In five years, Asian Americans have gone from being categorized as white adjacent to subhuman, diseased foreigners who are told we don’t belong here. I think about the anger I felt listening to NPR’s Code Switch podcast while the hosts questioned whether Asian Americans could be considered “OG people of color.” I think about the young Asian man on a NYC subway car being sprayed down with Febreze by another passenger at the beginning of the pandemic, an image that is forever seared into my mind. Febreze is something you use on furniture, bath mats, and smelly shoes—not human beings. I think about how in the days after the 2016 election my mom recalled that once when she was working at a Robinsons-May department store as a young woman, she saw an older man browsing and, in a friendly voice, asked whether she could help him. He promptly spit on her face and walked away. She was so stunned she didn’t even respond, which is not like my mom at all; she usually gets the last word!
Those who have been around long enough know that racism against Asian Americans, especially expressed through violence, has existed for as long as we have been in this country—I’m talking about hundreds of years of hostility and degradation. Although I knew the fact of anti-Asian hate to be objectively true based on stories I’d been told and my own research into Chinese American history, like many in my generation, this is the first time I am seeing it with my own eyes and that is an entirely different thing.

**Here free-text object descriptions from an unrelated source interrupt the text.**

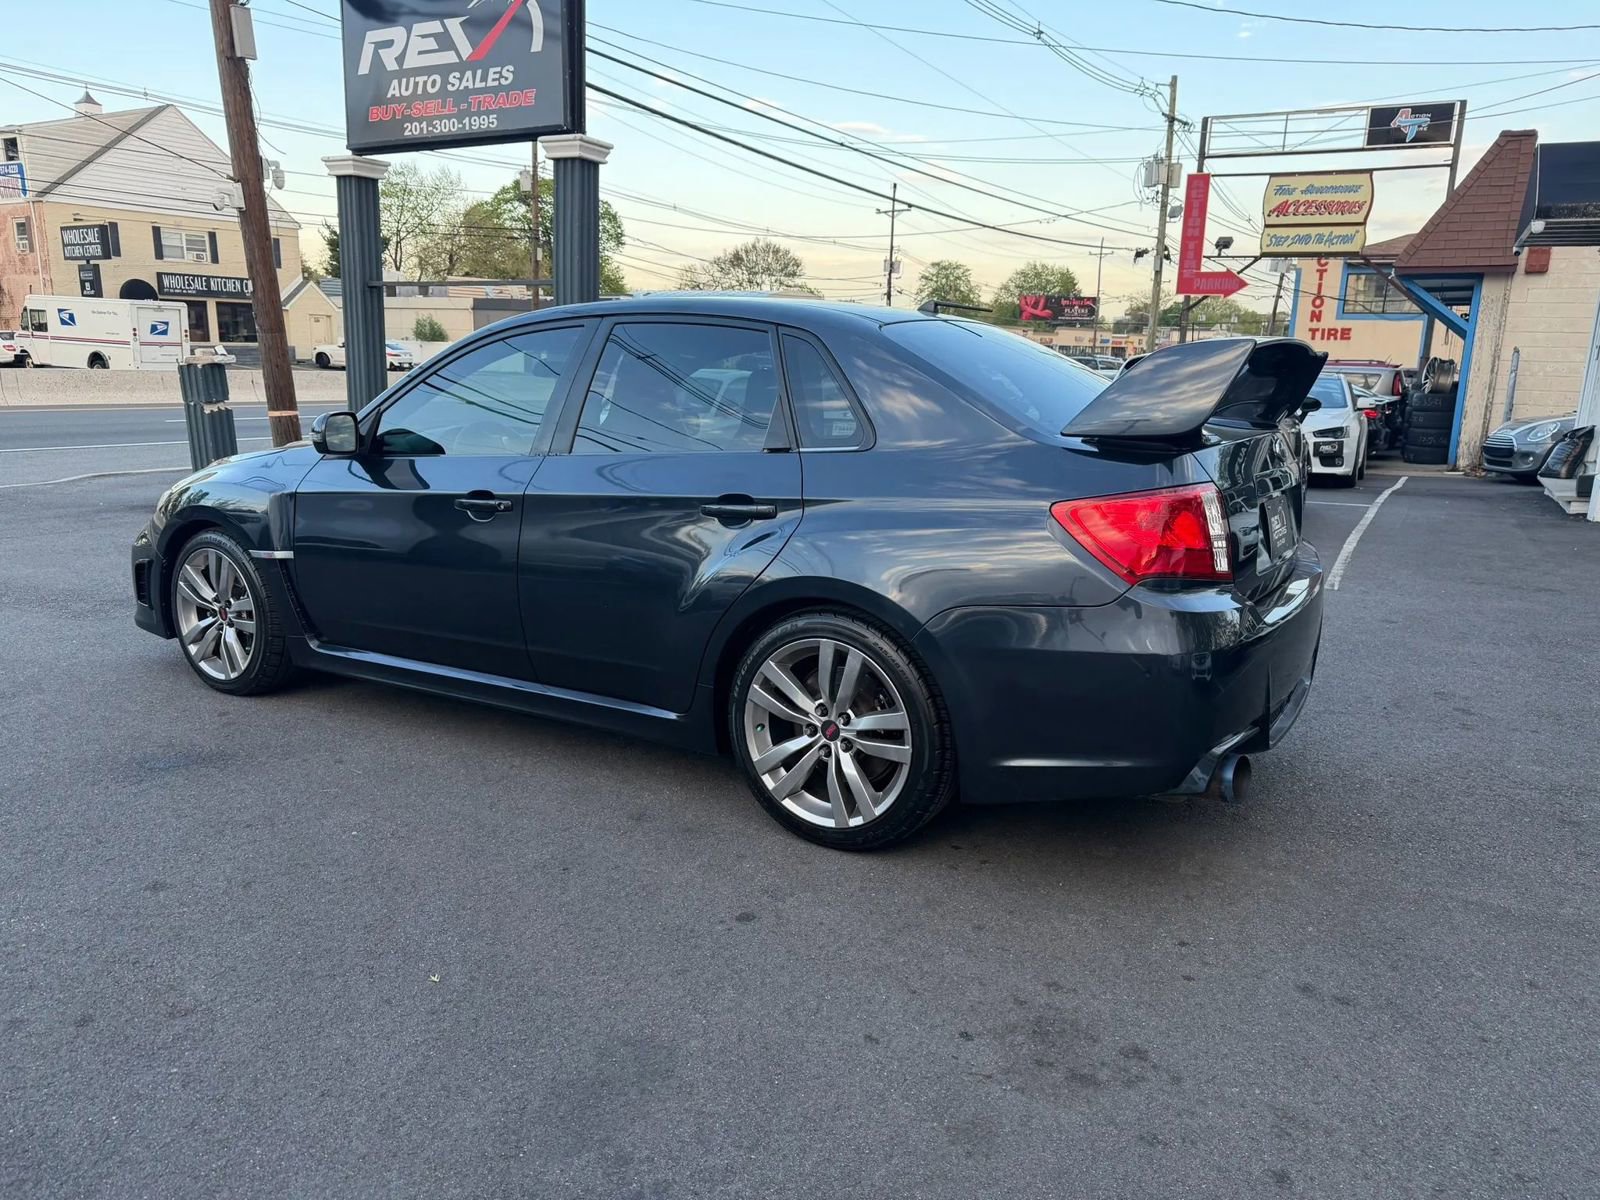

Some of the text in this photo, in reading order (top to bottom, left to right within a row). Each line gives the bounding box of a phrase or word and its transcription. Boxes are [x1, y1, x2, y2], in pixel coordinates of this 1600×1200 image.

[386, 65, 514, 99] AUTO SALES
[469, 89, 536, 111] TRADE
[403, 115, 498, 136] 201-300-1995
[1267, 199, 1367, 217] ACCESSORIES
[62, 227, 100, 244] WHOLESALE
[64, 244, 102, 257] KITCHEN CENTER
[162, 274, 208, 291] WHOLESALE
[209, 277, 242, 293] KITCHEN
[1310, 256, 1329, 322] CTION
[1308, 327, 1352, 341] TIRE

I worry for my family and friends who now walk out the door knowing they are an automatic target for anyone unhinged, emotionally distraught, or simply “having a bad day.” Being mixed, I don’t often get identified as Asian when I’m walking down the street, but I have avoided wearing a cap I own that is embroidered with the words 女强人, meaning strong woman, superwoman, badass. I used to wear that hat proudly. This suggests an unwanted metaphor. Stripped of my superpowers, I am ashamed to admit that I am now too scared to wear it out. I also feel shame knowing that I can choose not to draw attention, not to identify myself as Asian.

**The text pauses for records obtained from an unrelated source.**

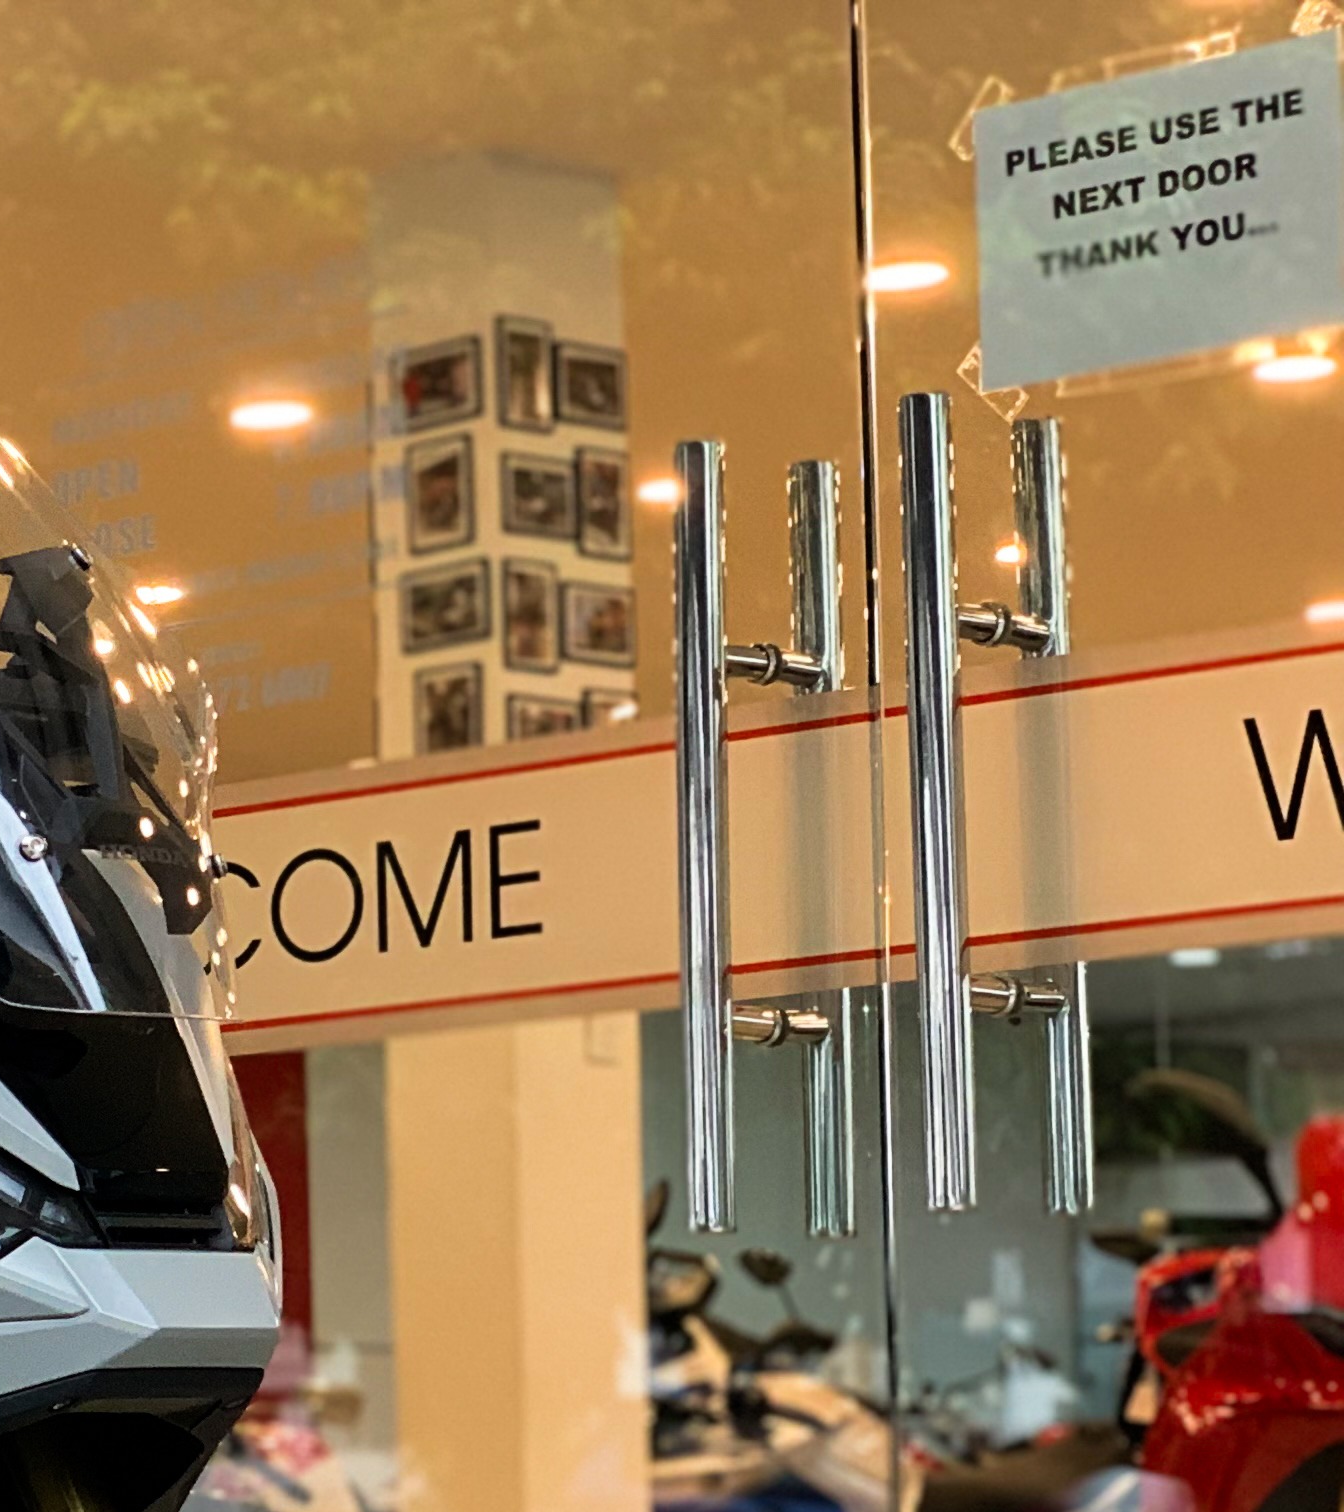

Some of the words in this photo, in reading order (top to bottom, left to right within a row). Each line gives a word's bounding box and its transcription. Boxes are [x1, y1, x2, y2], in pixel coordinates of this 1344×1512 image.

[1006, 124, 1138, 177] PLEASE
[1149, 107, 1221, 145] USE
[1231, 88, 1305, 128] THE
[1052, 176, 1146, 220] NEXT
[1157, 152, 1258, 198] DOOR
[1036, 229, 1160, 280] THANK

For too long the narrative around what it means to be Asian American has not been controlled by Asian Americans. We’ve been depicted as unfeeling automatons, degenerate opium addicts, evil masterminds, meek grinning buffoons, submissive China dolls, traitorous spies, vicious dragon ladies, worthless whores, perpetual foreigners, yellow peril incarnate. In the 1950s and 60s, a concerted effort was made to rebrand Asian Americans as “the model minority” who in contrast to other “minorities,” supposedly worked harder, kept quiet, didn’t complain, and magically excelled in spite of their circumstances. It was the ultimate gaslighting campaign. A way for white supremacy to maintain control by using Asian Americans as a racial wedge and justification for anti-Blackness.
I grew up in an Asian community and went to a high school where being an Asian American overachiever was the norm (I know this because I was one). My classmates and I accepted the model minority myth as truth because it explained the world we inhabited. There were few white kids or students of other races in any of my advanced math or honors English classes. If it looks true, it must be true, right?

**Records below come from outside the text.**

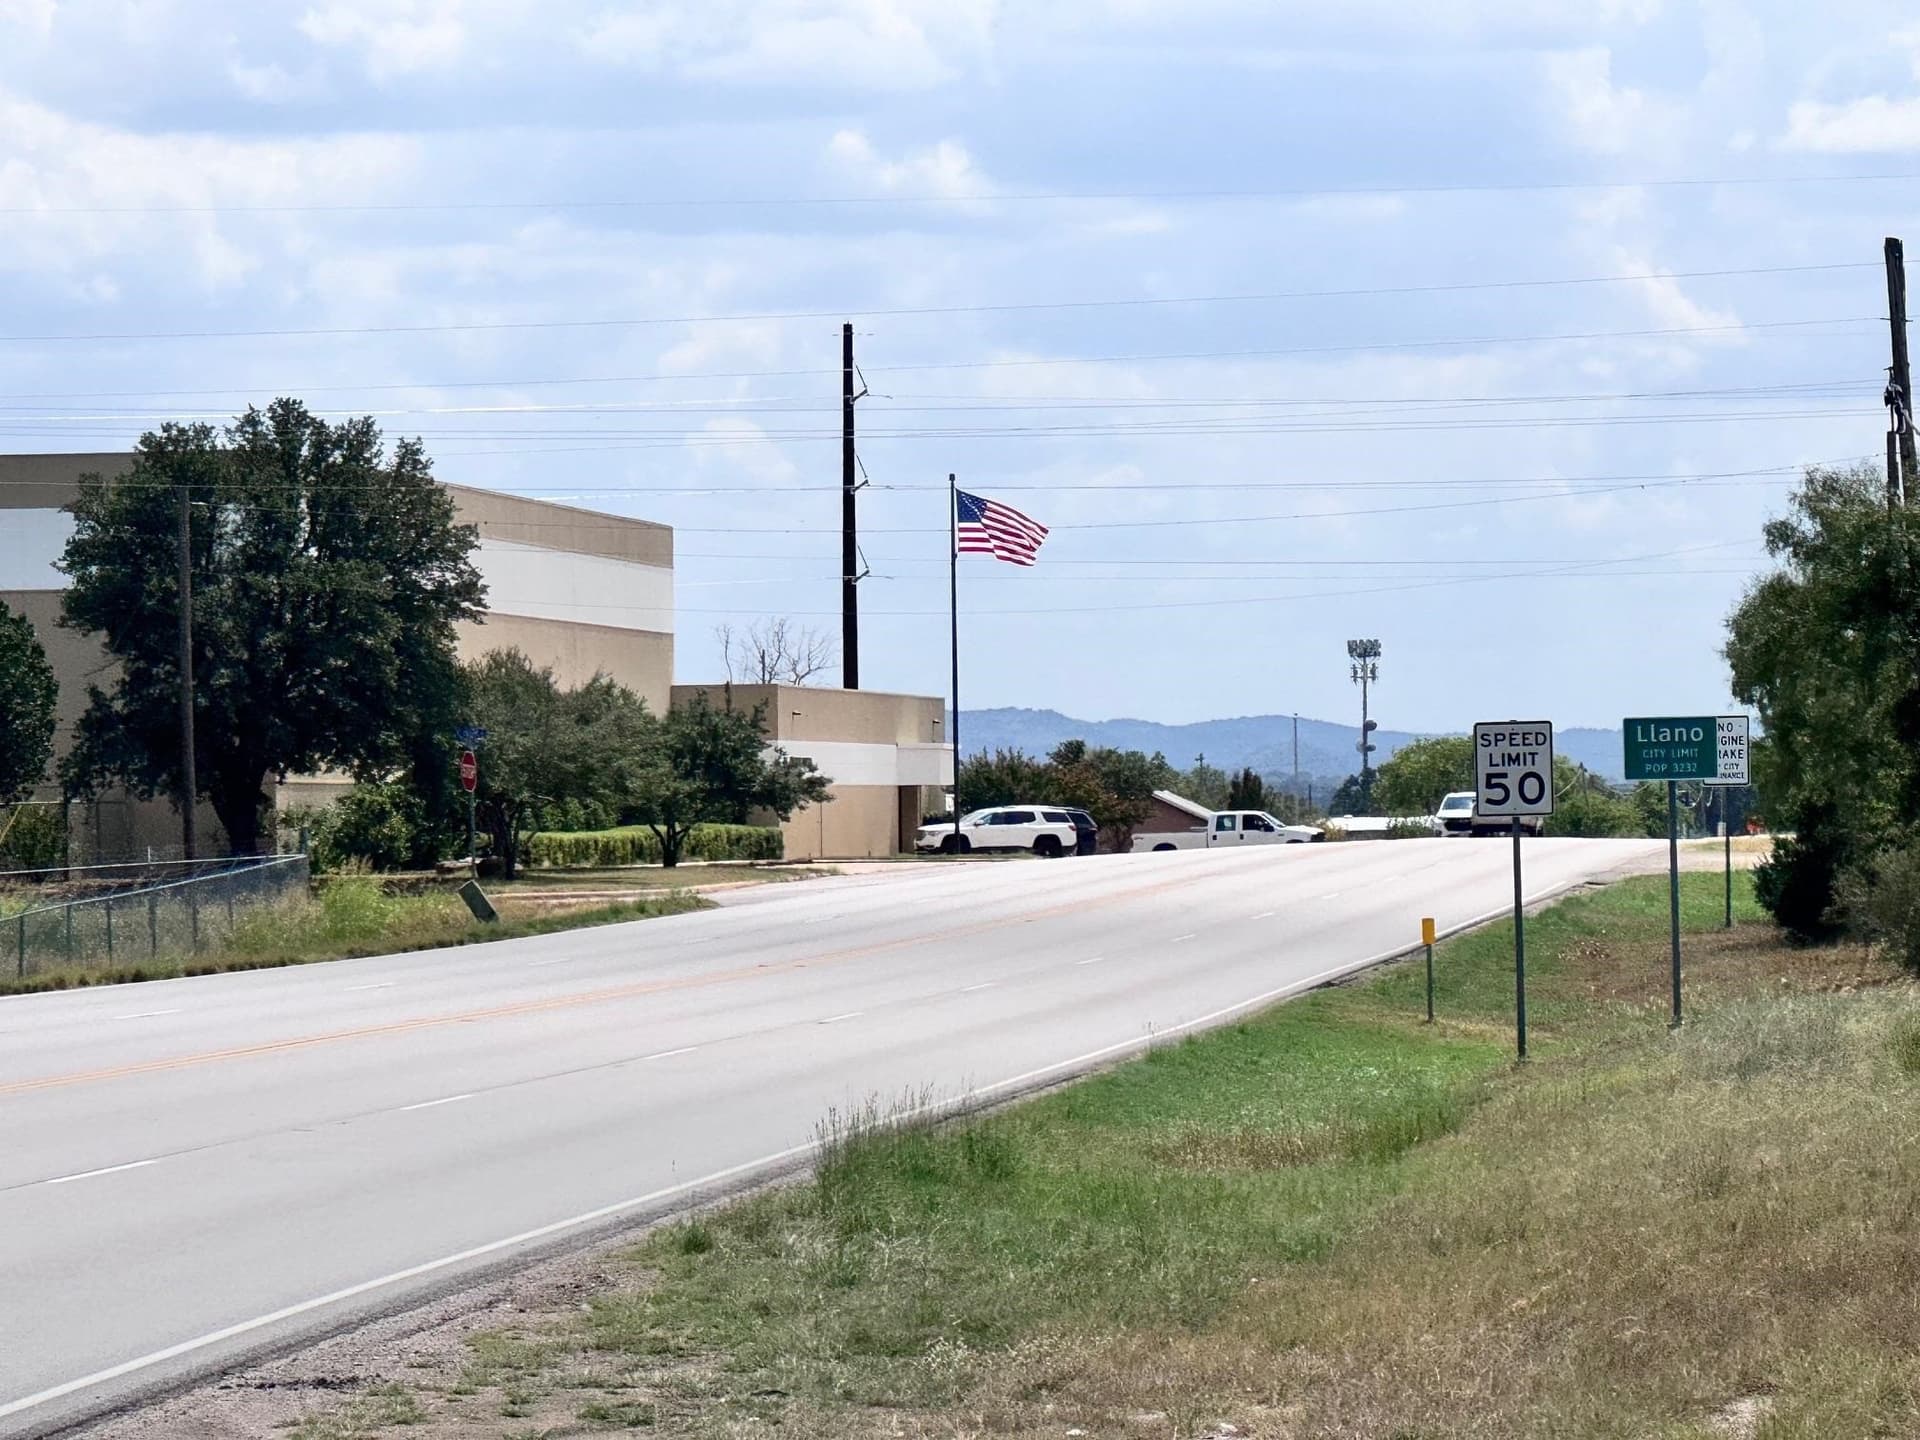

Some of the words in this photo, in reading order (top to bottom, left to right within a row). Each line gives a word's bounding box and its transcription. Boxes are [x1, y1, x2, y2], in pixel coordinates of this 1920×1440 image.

[1637, 723, 1704, 742] Llano
[1718, 722, 1734, 733] NO
[1480, 731, 1548, 748] SPEED
[1718, 735, 1745, 746] GINE
[1642, 748, 1666, 759] CITY
[1671, 748, 1699, 759] LIMIT
[1718, 749, 1744, 759] AKE
[1488, 751, 1540, 768] LIMIT
[1645, 763, 1668, 773] POP
[1672, 762, 1697, 773] 3232
[1723, 762, 1740, 770] CITY
[1484, 771, 1546, 806] 50

I know better now. The model minority myth was a story we let others tell us about ourselves and we believed it. This affirms something I have long felt in my bones to be true: stories matter. So does who tells them.
This is not the essay I set out to write for this month’s newsletter, but it’s the one I needed to write. There is nothing my grief can do to bring back the 8 lives lost in Atlanta. What I can do is attend protest rallies and sign petitions to demand that our elected officials take action on anti-Asian hate as well as other issues that undermine solidarity among people of color and prop up white supremacy. I can honor the lives of the victims by giving to their families and supporting grassroots organizations like Red Canary Song and Asian American Legal Defense Fund and Education Fund. I can educate myself by reading books like Cathy Park Hong’s Minor Feelings, watching PBS’s docuseries Asian Americans, and listening to podcasts like Time to Say Goodbye and Asian Not Asian. I can even school trolls on the internet until I can’t stomach the ignorance and hate anymore. Most of all, I can take control of the narrative about my own experiences and continue to write stories that are not being told in the mainstream media, whether they’re about the lives of Chinese restaurant workers in New York, my grandmother’s now demolished ancestral home in China, or the overlooked contribution of Asian laborers to the transcontinental railroad and the American West. I can write about Anna May Wong and the incredible life she led, never taking no for an answer even though the odds were stacked against her. (I promise we’ll get back to talking about her next month.)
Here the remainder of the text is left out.